From ancient times, archery in Asia was well developed for warfare, hunting, and sport. Archery implements have been unearthed in Chinese tombs going back at least 4000 years. The Mongolian warriors who conquered China in 1271 to establish the Yuan dynasty owed much of their success to their skill in shooting arrows from horseback. Their implements, techniques, and tactics allowed them to shoot their targets from galloping horses and then twist around in the saddle for a parting backward shot after passing. The Manchu clan that conquered China 400 years later to establish China’s final dynasty, the Qing, was equally skilled with bow and arrow. Their prowess with archery—again, especially from horseback—allowed a relatively small band of Manchus to conquer all of China and rule it for over 250 years.
A number of technological developments contributed to the success of archery in north-eastern China. Among these was the use of archer’s rings, called she in ancient China (modern term banzhi). The archer’s ring is used on the thumb of the stronger hand, the one that pulls the bowstring. In addition to protecting the thumb, the ring provides a precise release action for the bowstring.
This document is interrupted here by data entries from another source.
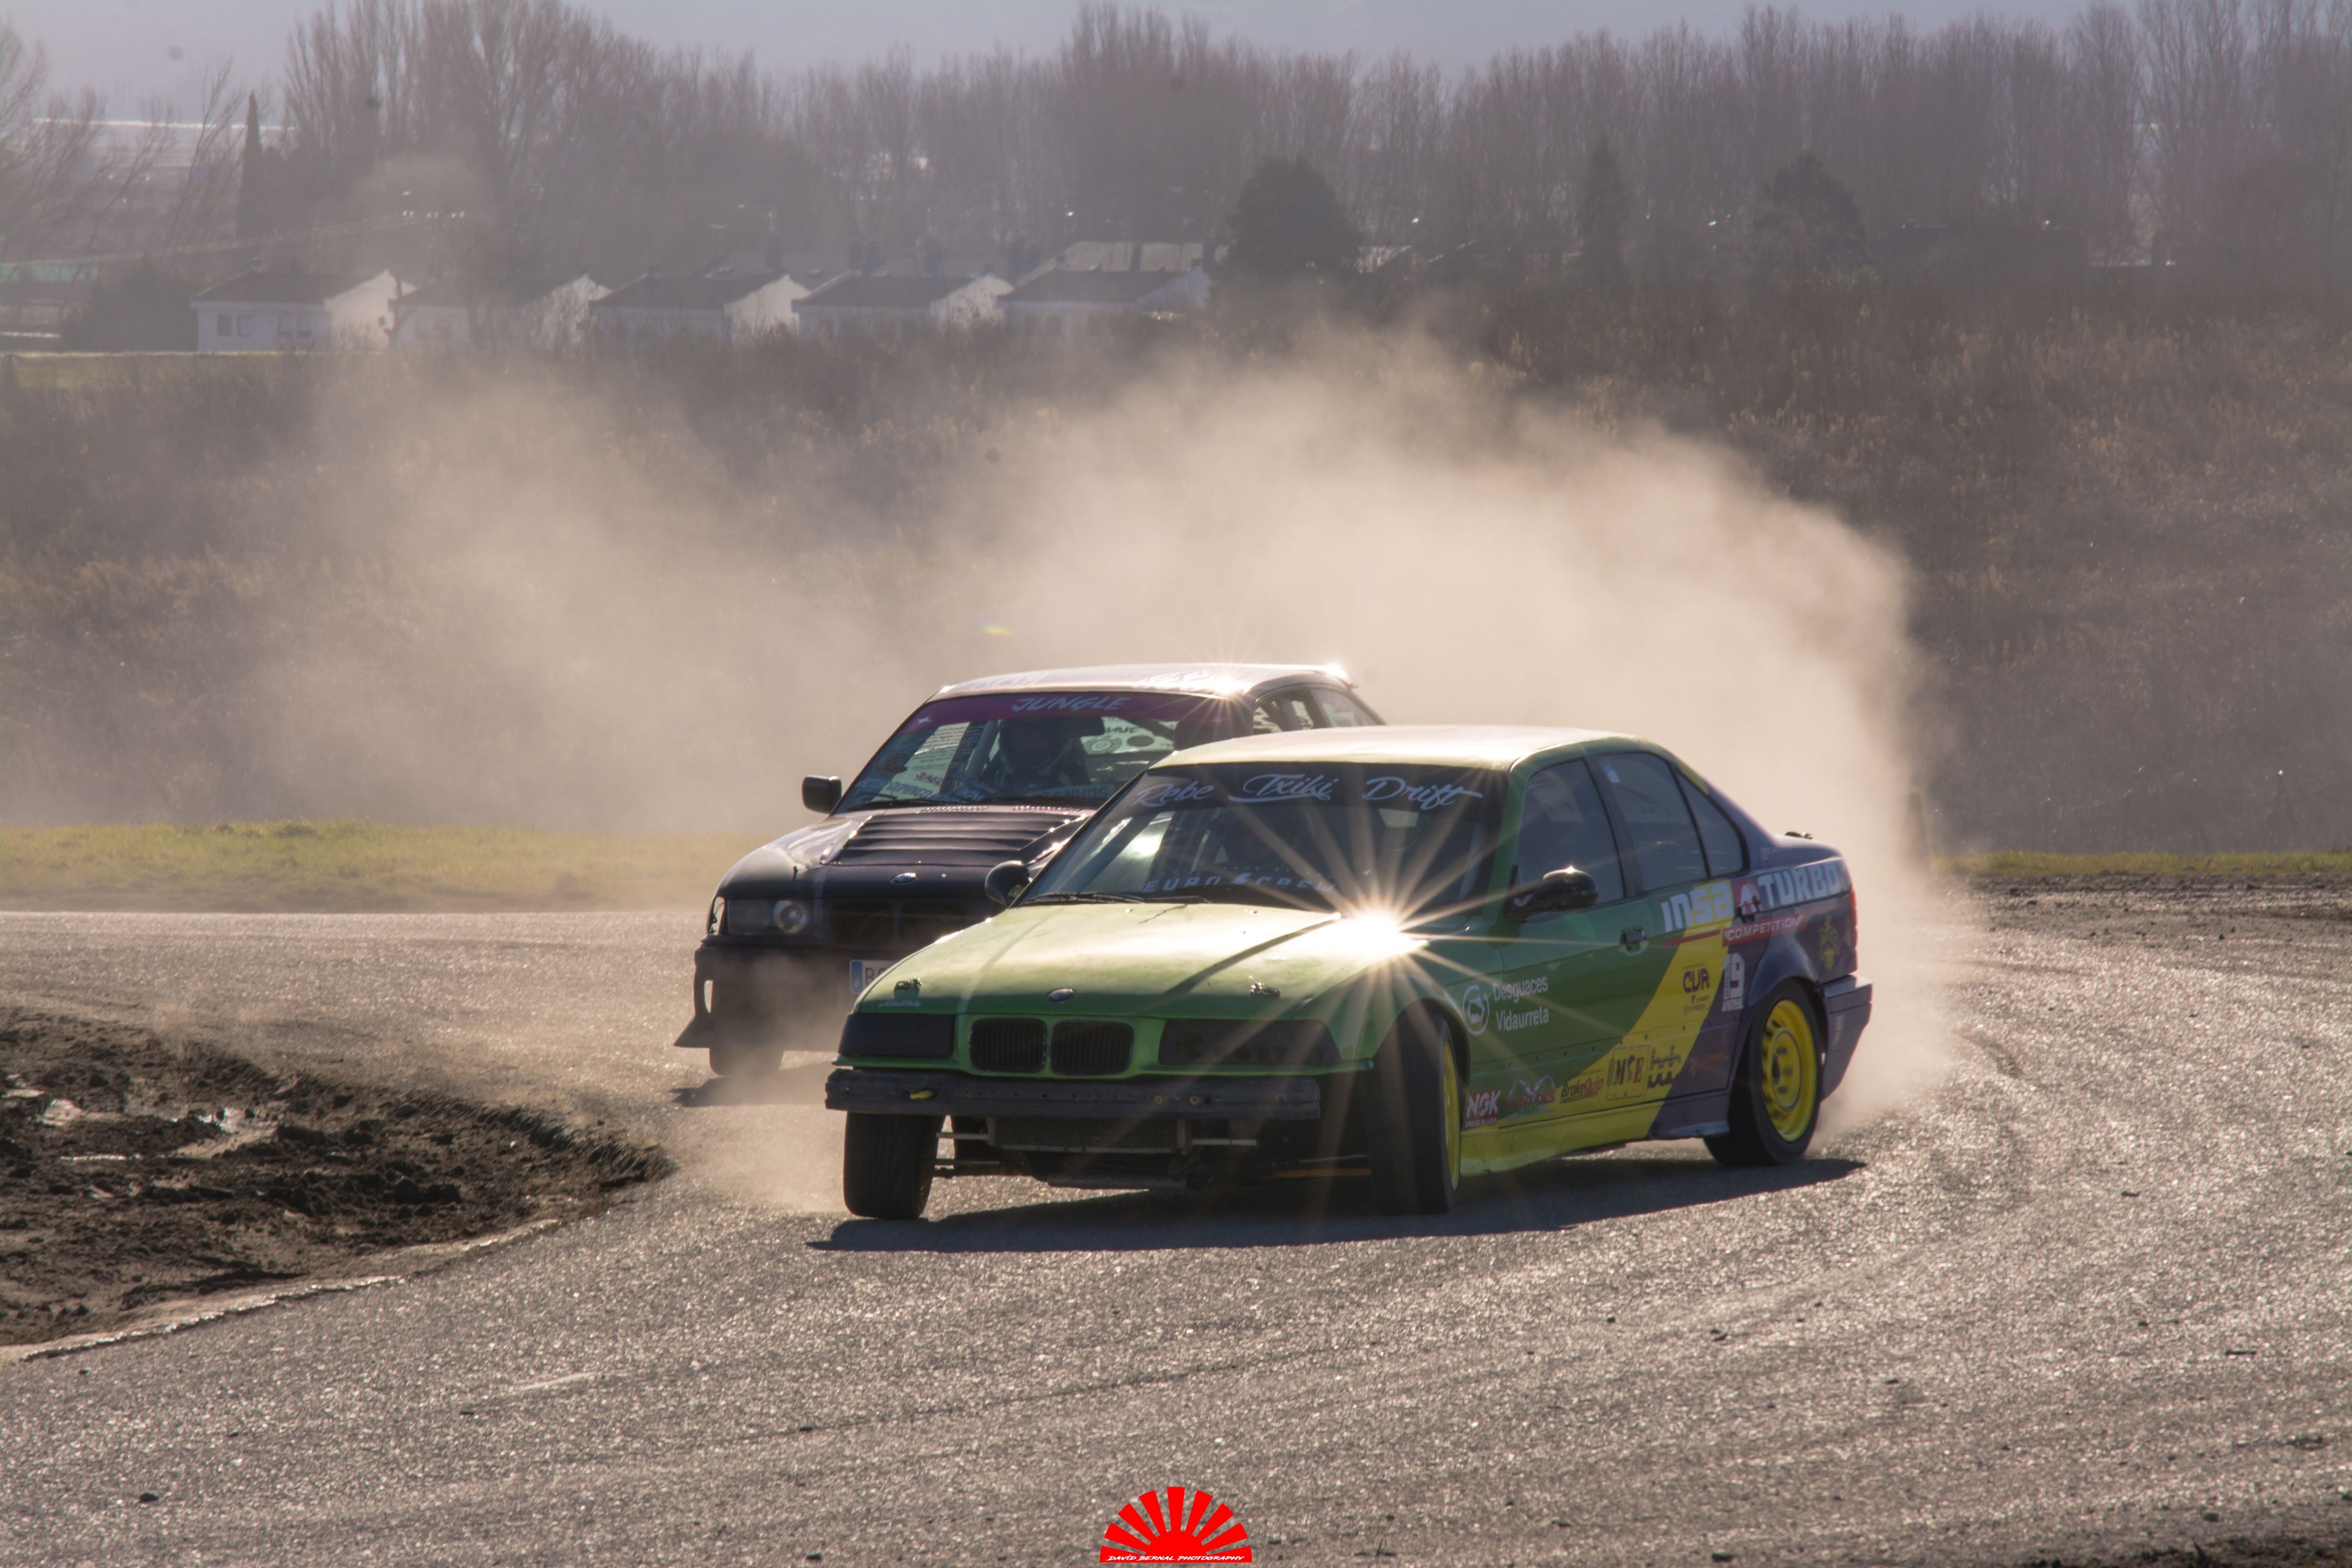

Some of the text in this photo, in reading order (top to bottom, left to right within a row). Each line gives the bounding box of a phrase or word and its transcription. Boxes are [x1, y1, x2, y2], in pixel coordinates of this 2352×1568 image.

[1011, 696, 1132, 713] JUNGLE
[1228, 774, 1339, 802] Txiki
[1363, 776, 1483, 810] Drift
[1757, 863, 1841, 909] TURBO
[1492, 976, 1548, 1003] Desguaces
[1495, 1006, 1549, 1032] Vidaurreta
[1561, 1075, 1604, 1098] BrakeQuip
[1466, 1090, 1502, 1119] NGK
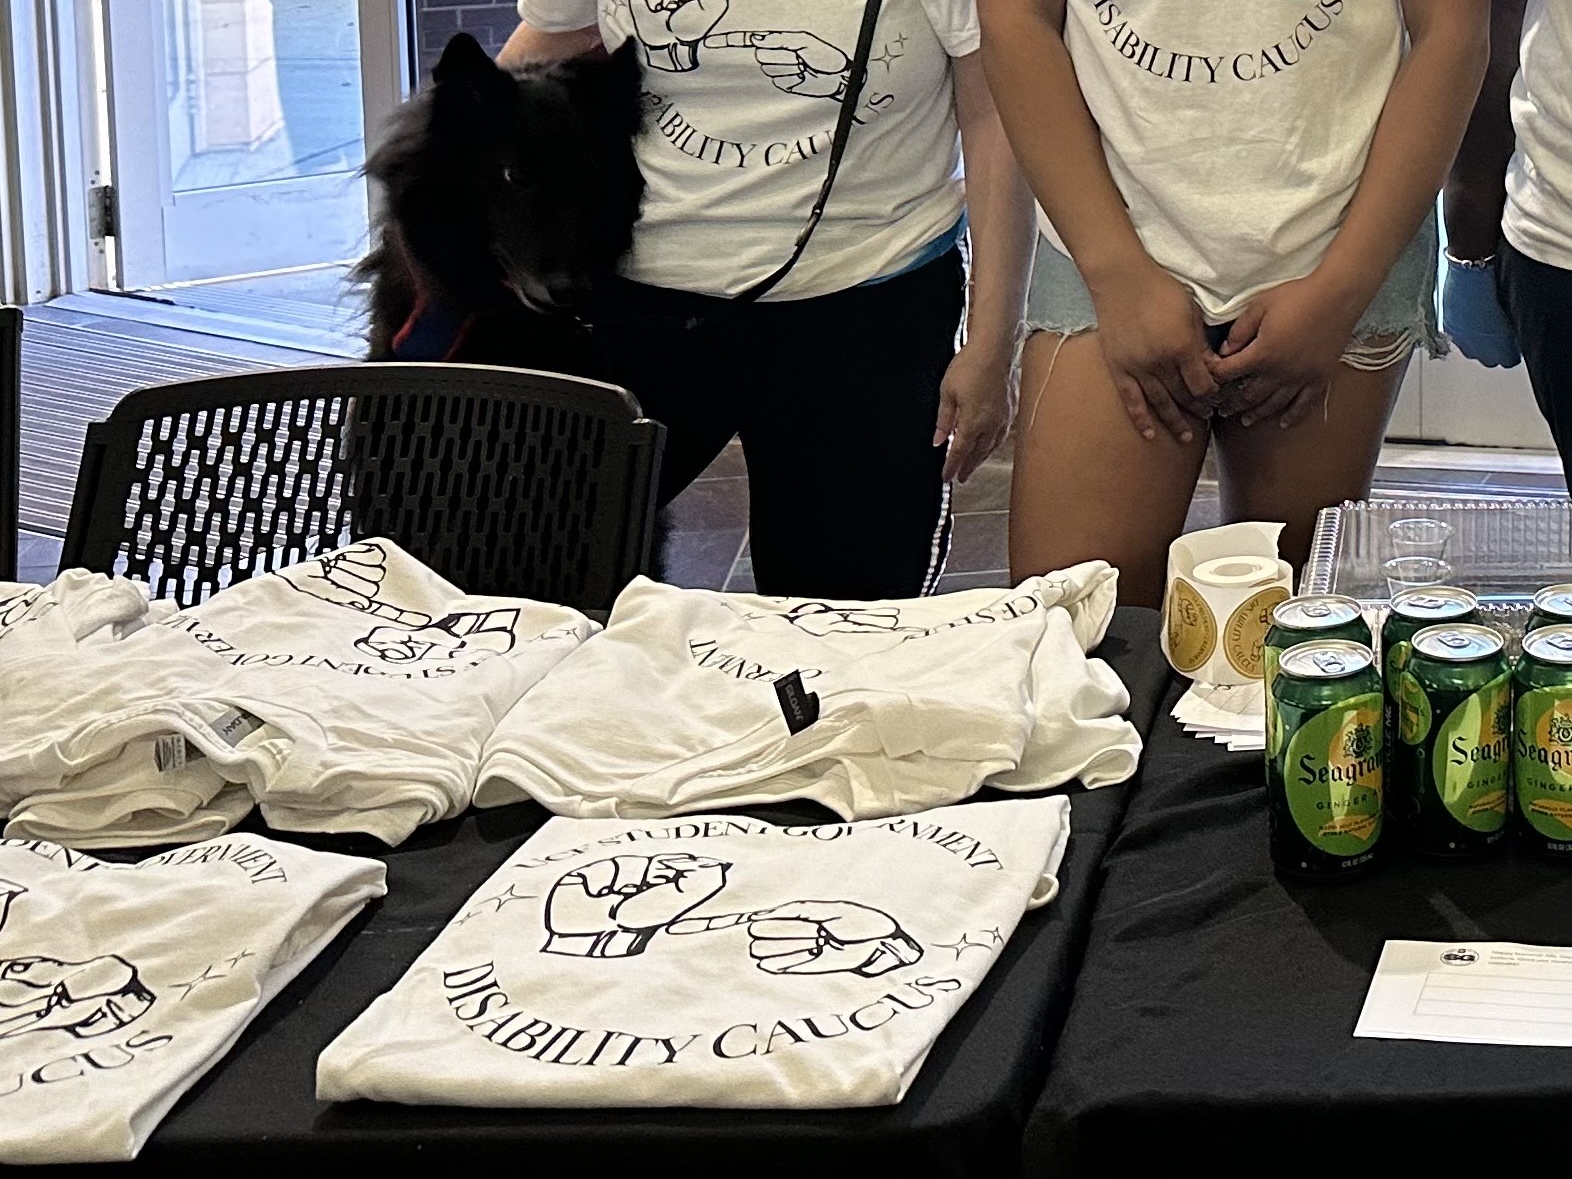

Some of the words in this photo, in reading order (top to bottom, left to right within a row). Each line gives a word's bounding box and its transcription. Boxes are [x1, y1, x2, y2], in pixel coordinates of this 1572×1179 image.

[1316, 794, 1369, 810] GINGER
[442, 960, 702, 1068] DISABILITY
[711, 975, 962, 1059] CAUCUS
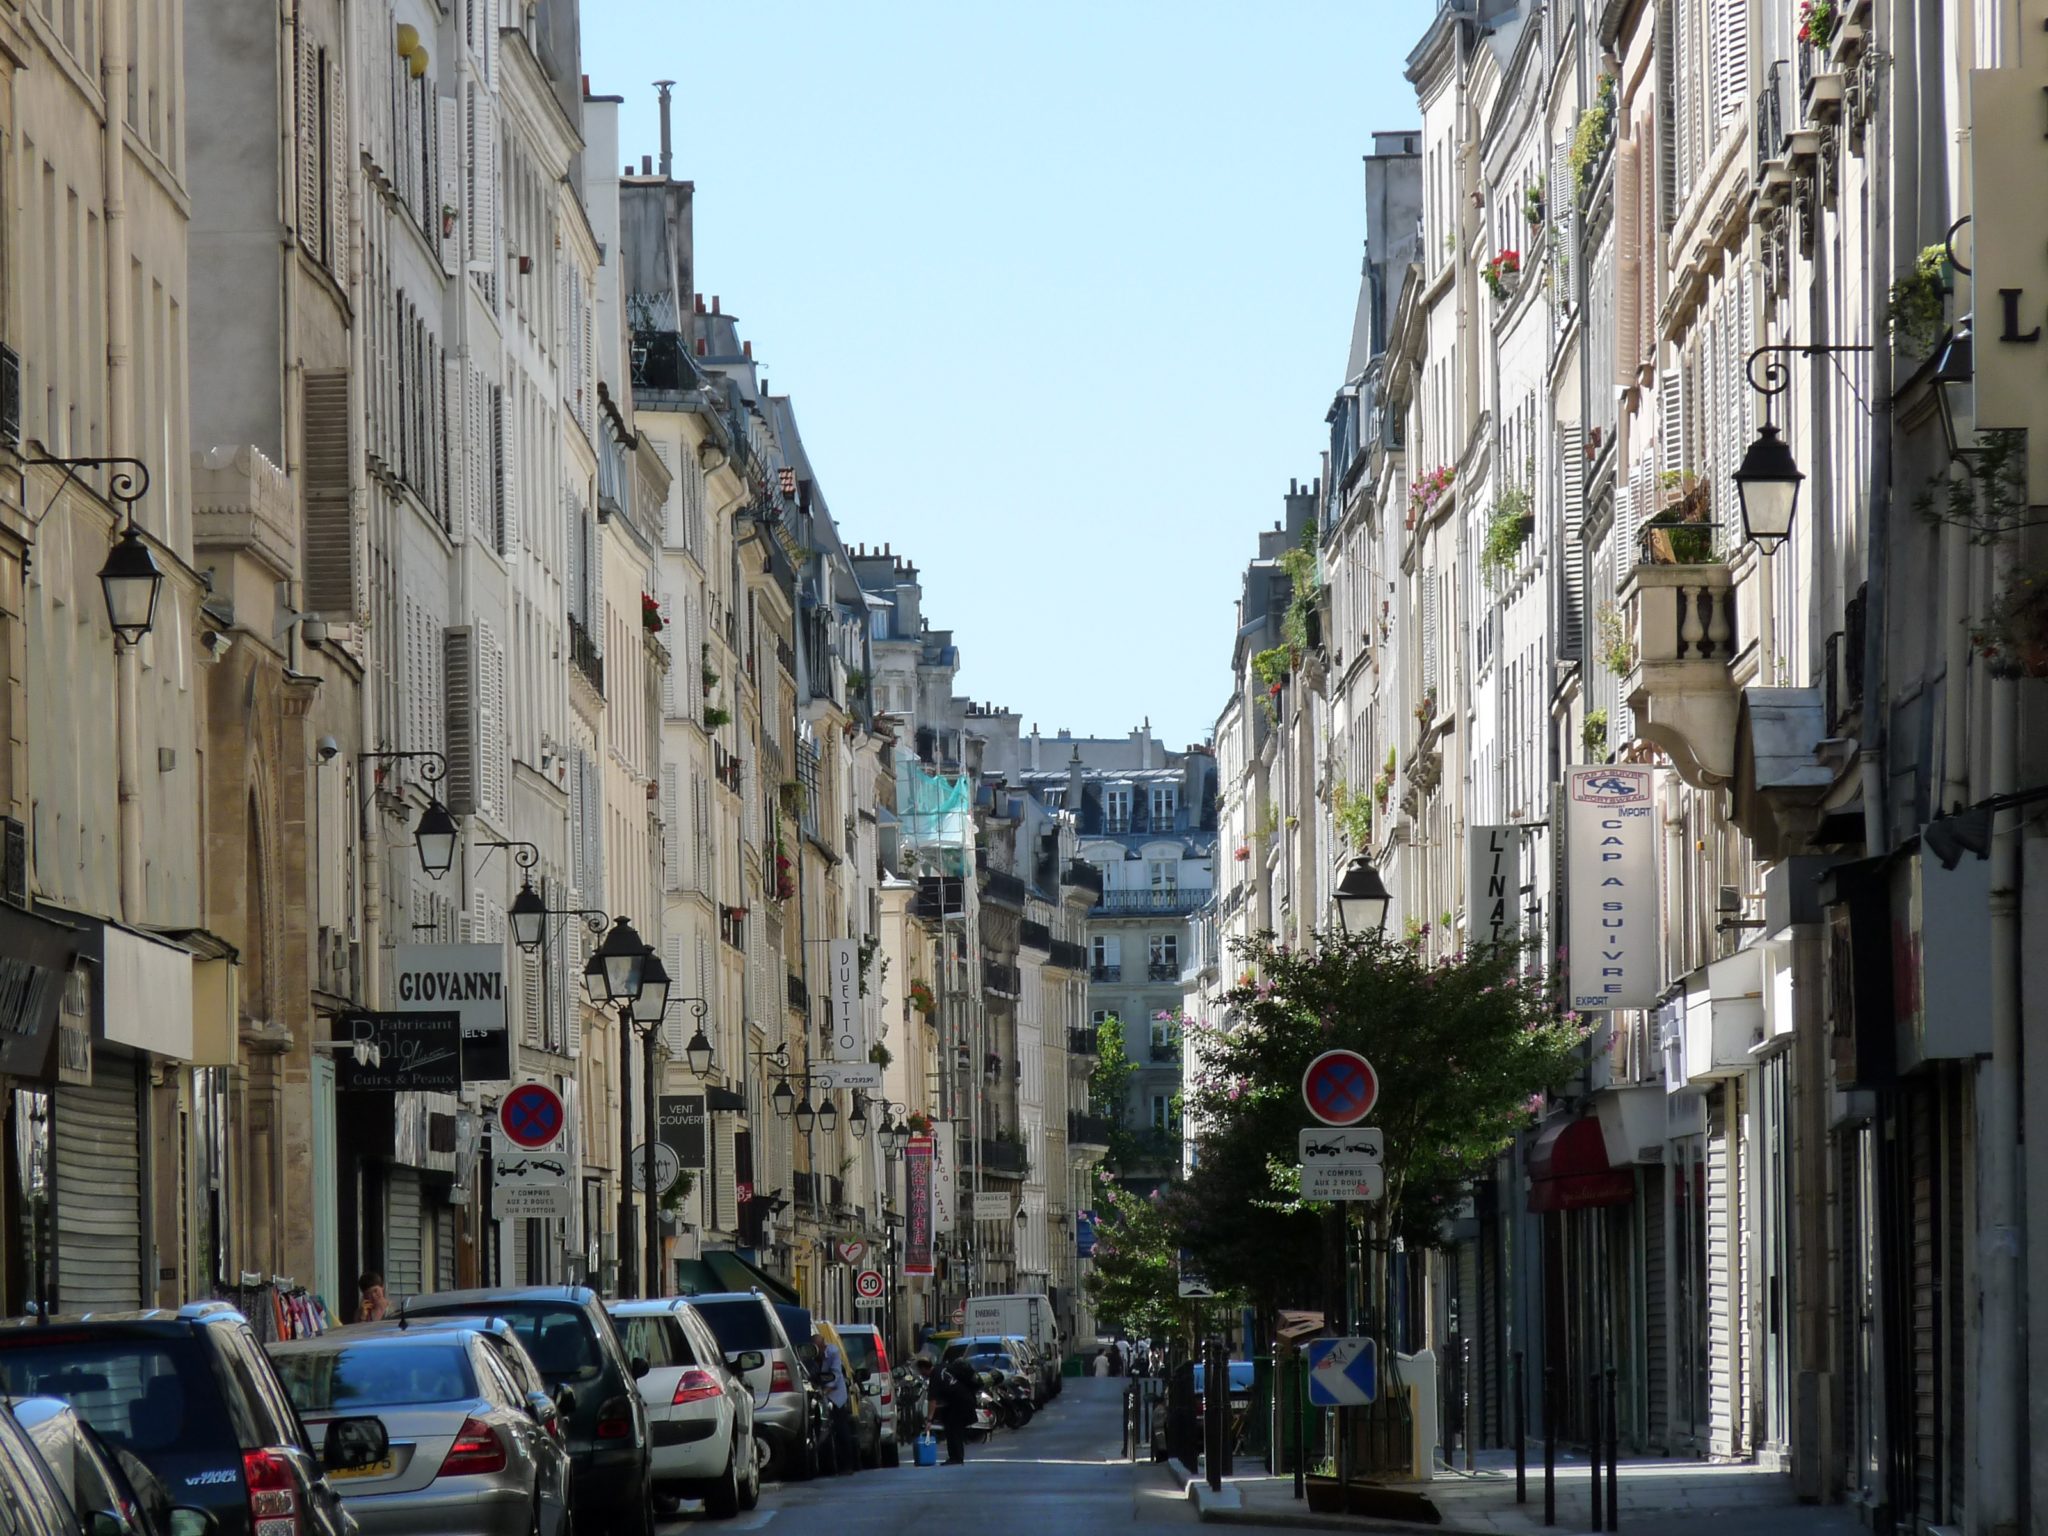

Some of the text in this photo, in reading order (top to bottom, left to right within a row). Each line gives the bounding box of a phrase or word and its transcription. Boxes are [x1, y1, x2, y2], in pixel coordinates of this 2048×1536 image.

[1618, 807, 1651, 817] IMPORT
[1601, 819, 1624, 993] CAP A SUIVRE
[400, 972, 502, 1001] GIOVANNI
[839, 951, 855, 1049] DUETTO
[1575, 996, 1609, 1006] EXPORT
[379, 1018, 453, 1031] Fabricant
[350, 1018, 415, 1060] Pblo
[353, 1073, 455, 1086] Cuirs & Peaux
[669, 1105, 694, 1114] VENT
[659, 1115, 705, 1125] COUVERT
[1327, 1169, 1363, 1177] COMPRIS
[862, 1278, 878, 1289] 30
The sidebar explains how these thumb rings were actually used.
Archery was also used for hunting game. Upcoming bow-and-arrow hunts were mentioned in Chinese “oracle bone” inscriptions dating back 3,500 years. From its beginnings in warfare and hunting, archery soon became a sport, and later, a skill that any cultured Chinese gentleman was expected to master. Up through the end of the Ming Dynasty (1368–1644) archery remained one of the standard examination tests for civil service.
Embellishing the Rings
It’s surprising that an item as small and plain as a cylindrical thumb ring can provide so much opportunity for artistry. Much of the enjoyment of these rings comes from the materials they are made of. The earliest archer’s rings were usually made of horn, jade, or ivory. But as archer’s rings became more ornamental and less practical, the materials that could be used expanded greatly. In this way they are very similar to Chinese snuff bottles, and many of the same materials were used.
The archer’s ring must be reasonably hard and durable. To a Westerner the obvious choice of material would be metal, but surprisingly few metal rings are known. Perhaps forming a ring from bronze or silver was simply not challenging enough for the Chinese artisan.
Archer’s rings in various hardstones are the most common. Of course the stone that holds the place of honor in China is jade. Nephrite jade is in fact a very practical choice as it is the toughest (hardest to break) of all stones, and lovely as well. As we have seen, the oldest known archer’s ring was made of this precious material. By the Qing dynasty, archer’s rings had mostly become personal adornments rather than utilitarian accessories for archery, and many of them were now made from the other type of true jade, jadeite. Jadeite, which was not used in China in significant amounts until the late 1700s, comes in a more exciting color palette than its sister jade, nephrite. Nephrite’s subtle colors, and jadeite’s more brilliant hues, along with the swirls and patches of contrasting color often seen in jade, make even an undecorated thumb ring a thing of beauty.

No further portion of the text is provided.